Verbatim copy, images removed: write out the entries below.

**DATA FOR ANALYSIS:**

╭──

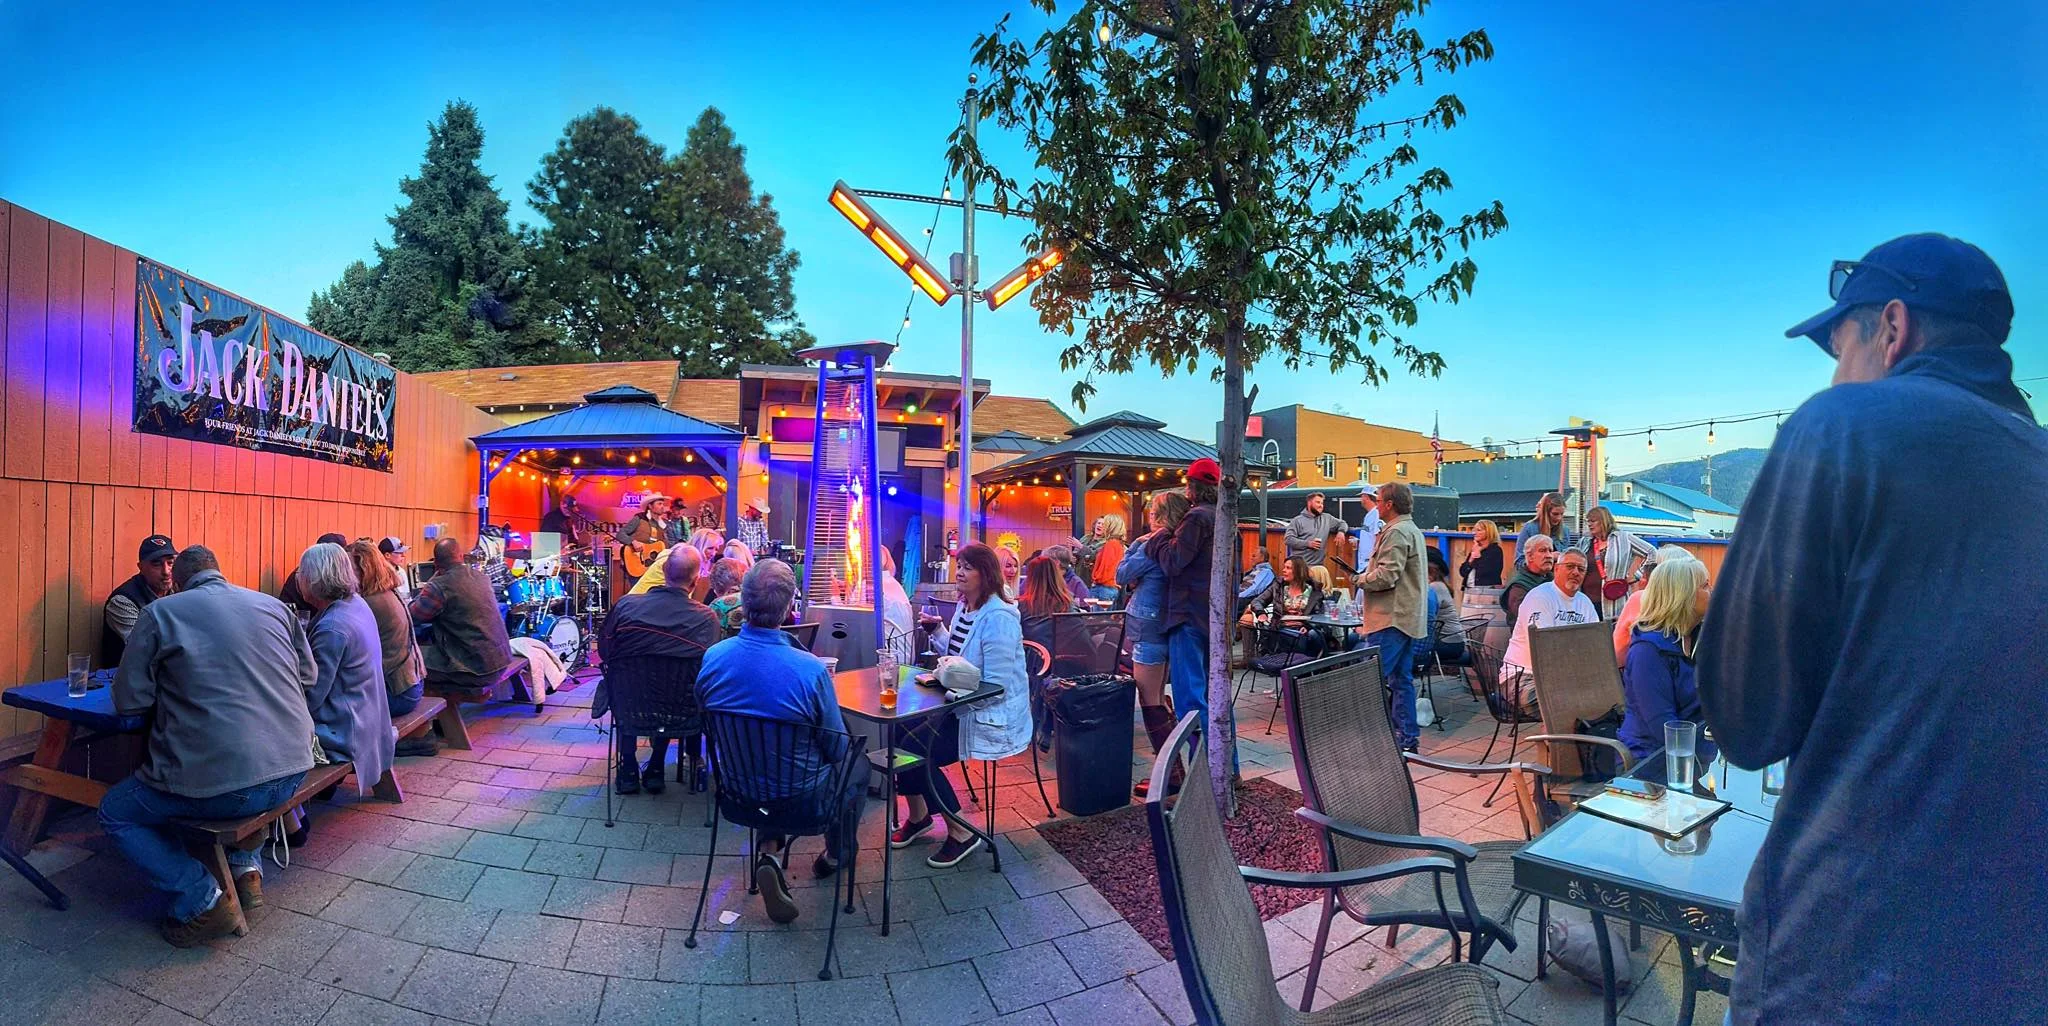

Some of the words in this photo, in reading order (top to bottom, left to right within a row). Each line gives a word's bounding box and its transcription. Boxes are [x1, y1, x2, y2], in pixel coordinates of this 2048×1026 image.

[158, 301, 269, 411] JACK
[204, 417, 221, 429] YOUR
[246, 427, 253, 435] AT
[253, 428, 269, 437] JACK
[321, 441, 329, 449] TO

╰──

**ANSWER TO THE EXERCISE:**
Some of the words in this photo, in reading order (top to bottom, left to right within a row). Each line gives a word's bounding box and its transcription. Boxes are [x1, y1, x2, y2], in pixel coordinates of this 2048×1026 image.

[158, 301, 269, 411] JACK
[204, 417, 221, 429] YOUR
[246, 427, 253, 435] AT
[253, 428, 269, 437] JACK
[321, 441, 329, 449] TO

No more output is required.